Correlation is not causation. Our research is not meant to accuse anyone of wrongdoing, but to identify structural problems. These are twofold: (1) Any second job creates conflict of interest; (2) MPs are responsible to no one except themselves for ethical issues.
Most MPs won’t be influenced by their employers. The mere existence of a conflict creates risk and, therefore, the perception that they may be. This undermines the trust in our democracy. Conflicts of interest are a key principle in all professions. Lawyers are generally not allowed to work on cases where they have a personal interest in the outcome. If there is a conflict between trustees of charity and board members of company, they must withdraw. Doctors can’t be involved in matters where they have a financial or personal interests. Independent regulators enforce all of these rules. It is odd that MPs who hold positions of power, public trust, and more than those of lawyers, doctors, and board members, are not subject to equivalent professional standards.
Our proposal targets the structural issue – the conflict of interest created by second jobs. MPs cannot vote on any issue in which they have a financial conflict. This would mean that, if an MP wants to make some extra money working for an oil company, they could not speak or vote on issues affecting their employer’s interests (like climate change or fracking). It will, of course, be for that MPs’ constituents to determine whether they would prefer a representative that is able to speak and vote on the full panoply of public policy issues.
This might be criticised for depriving parliament of “relevant” expertise, but parliamentarians are supposed to be representatives, not experts (those who make the “expertise” argument never seem concerned about the lack of MPswith expertise like nursing, social work, or on the factory floor). Legislators need to be encouraged to study all perspectives and issues and not just those related to their field.
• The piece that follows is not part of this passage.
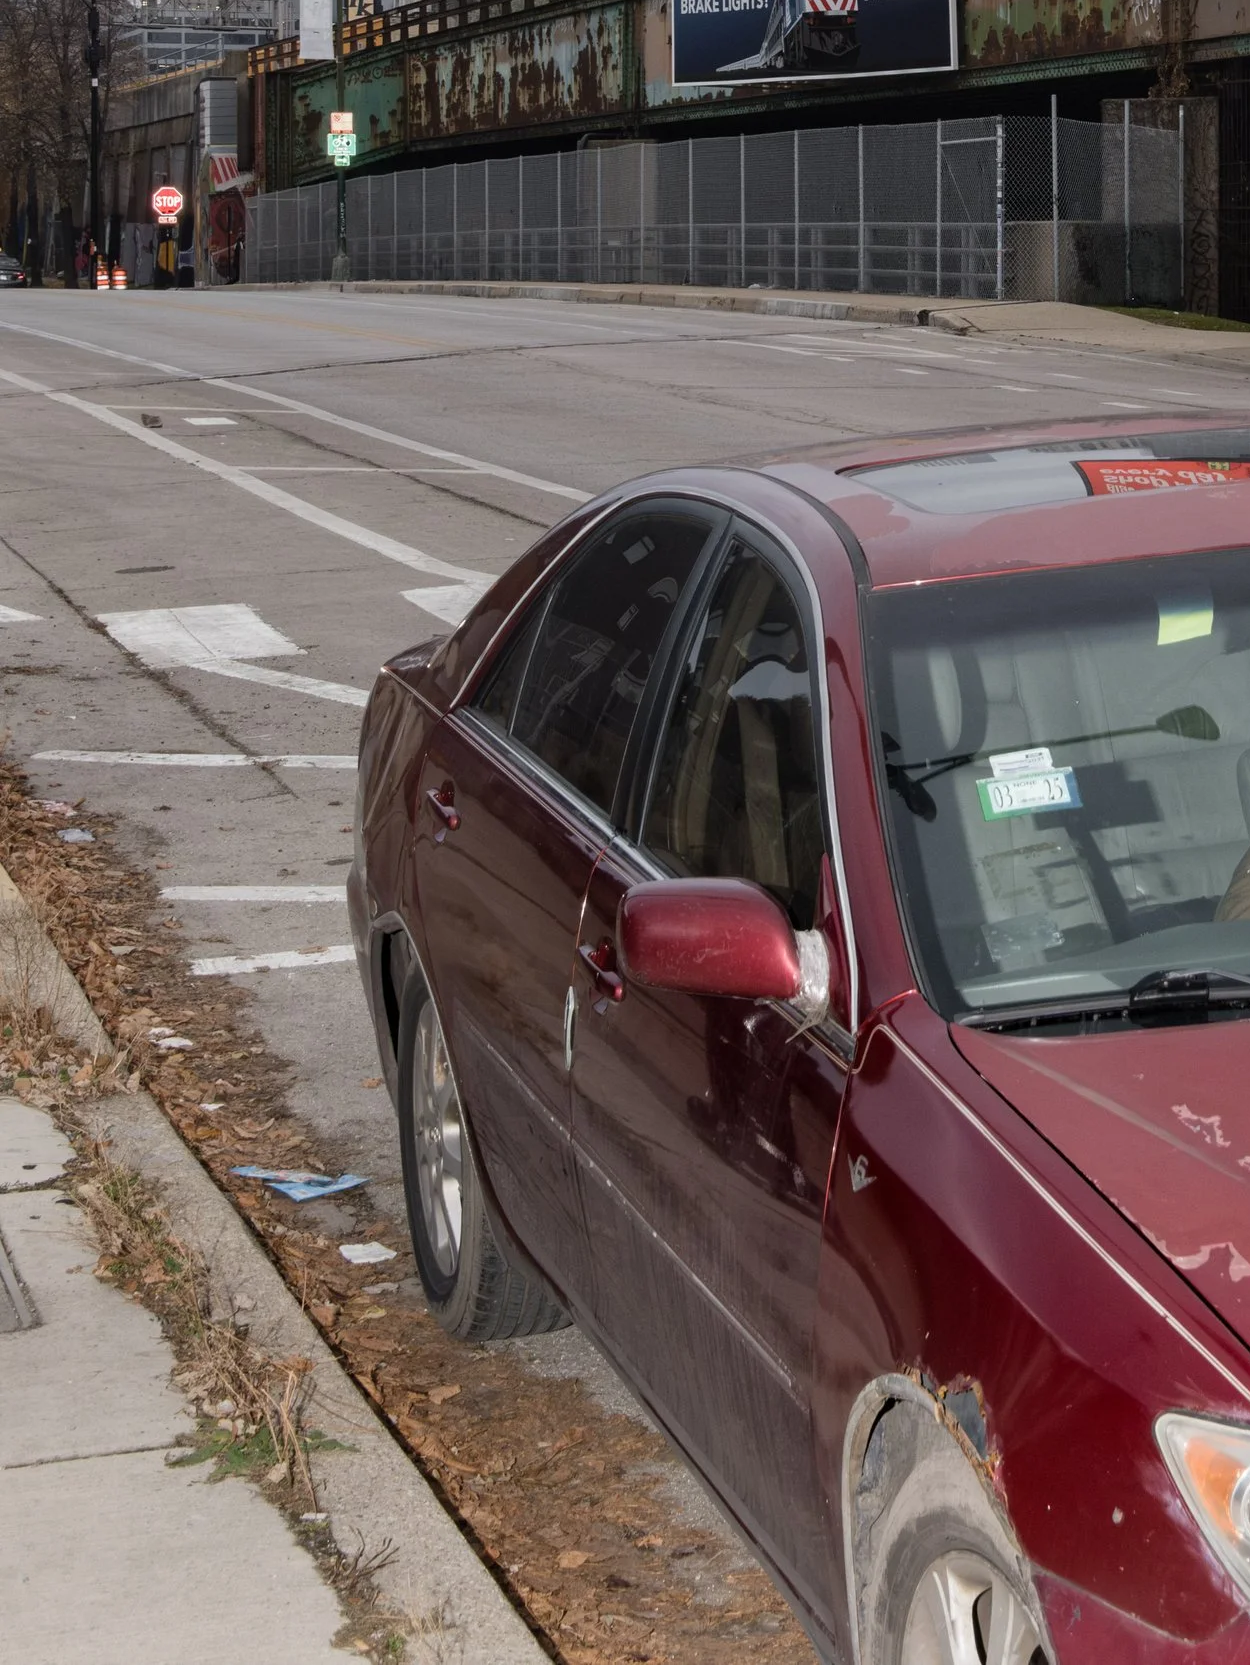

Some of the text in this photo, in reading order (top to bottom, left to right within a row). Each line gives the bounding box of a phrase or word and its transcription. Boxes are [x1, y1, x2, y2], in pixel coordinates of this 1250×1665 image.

[156, 196, 180, 207] STOP
[993, 777, 1063, 808] 03 25
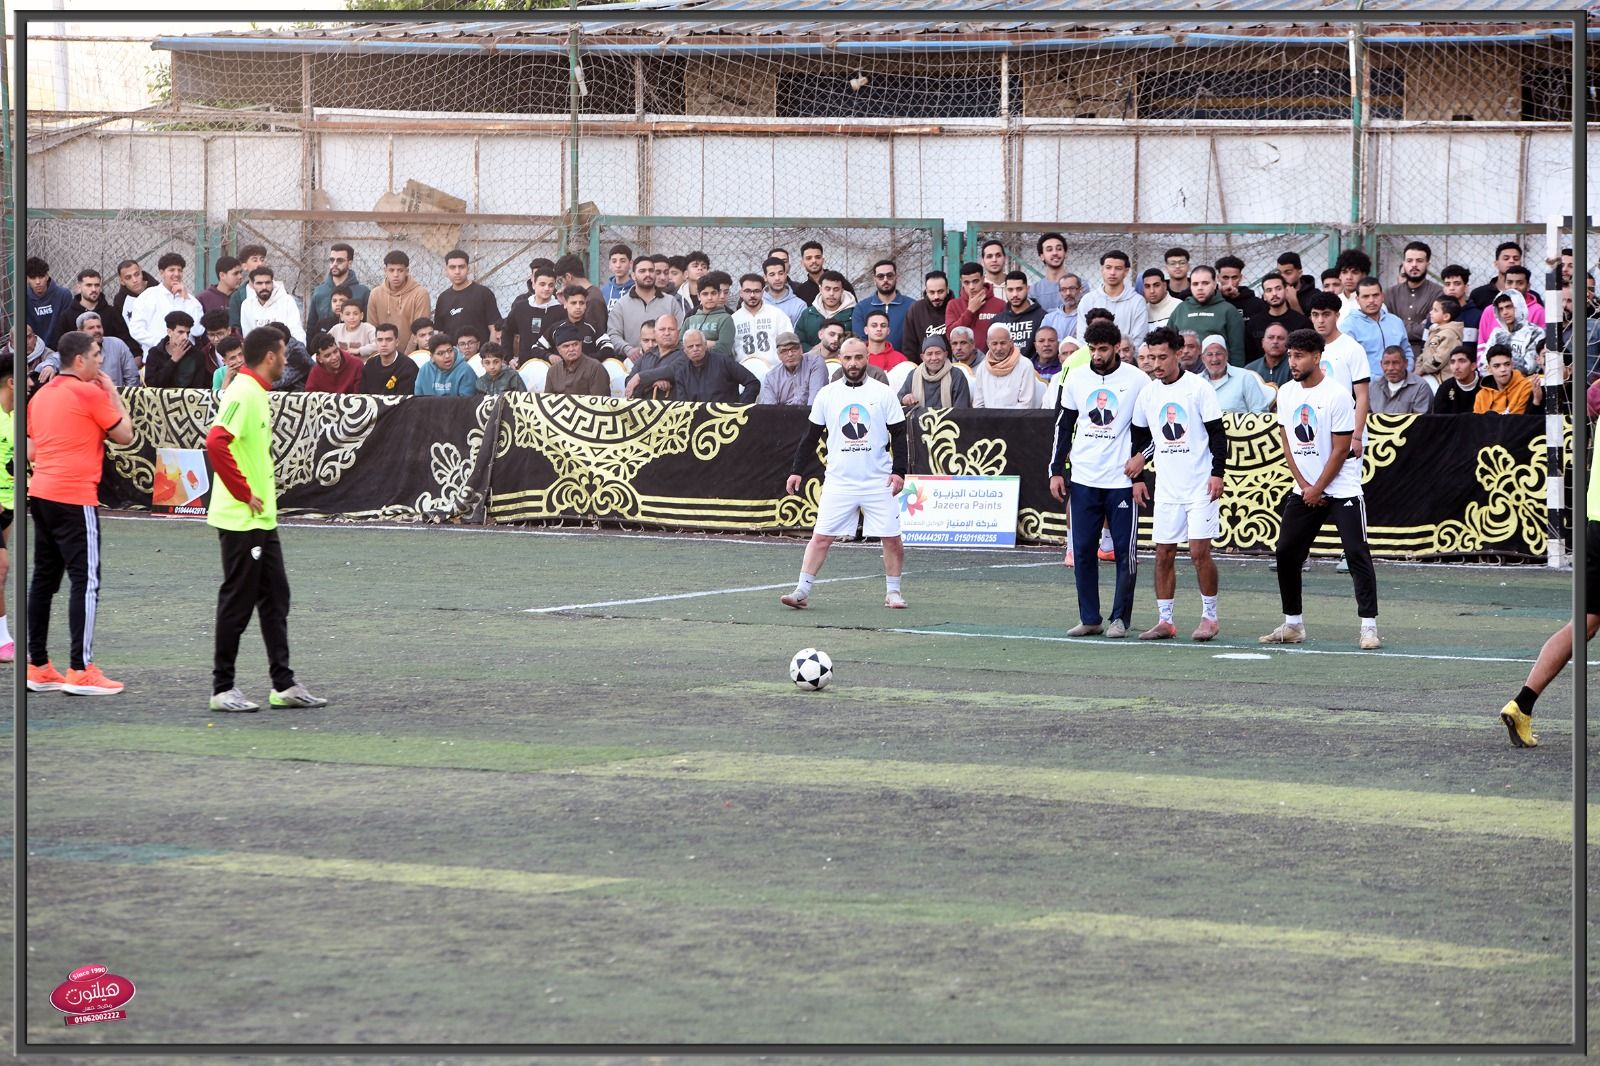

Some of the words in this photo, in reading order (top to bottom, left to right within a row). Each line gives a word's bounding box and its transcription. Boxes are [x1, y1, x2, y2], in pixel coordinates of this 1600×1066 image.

Labour proposes that MPs be allowed to take jobs that are in the “public interest”. Yet the question of what jobs are in the “public interest” would be left to MPs themselves and would, consequently, always be subject to the potential for further conflicts of interests. However, there may be some exceptions. If parliamentarians have large share or property portfolios, they could avoid conflict by following the American practice of placing them in blind trust.
These rules should be enforced independently. If MPs are their own judges and juries, there is no incentive to act ethically. Standards must be governed based on facts and not political allies. Accordingly, the courts should appeal to the Commons and Lords from the decisions of the parliamentary standards commissions. This would also introduce the element of “natural justice” that many Conservative members thought was missing from parliament’s treatment of Owen Patterson.
Although these proposals may seem radical, they are simply meant to bring legislators in line with best practices among other professions. If MPs don’t expect the same standards from us, then we cannot trust them.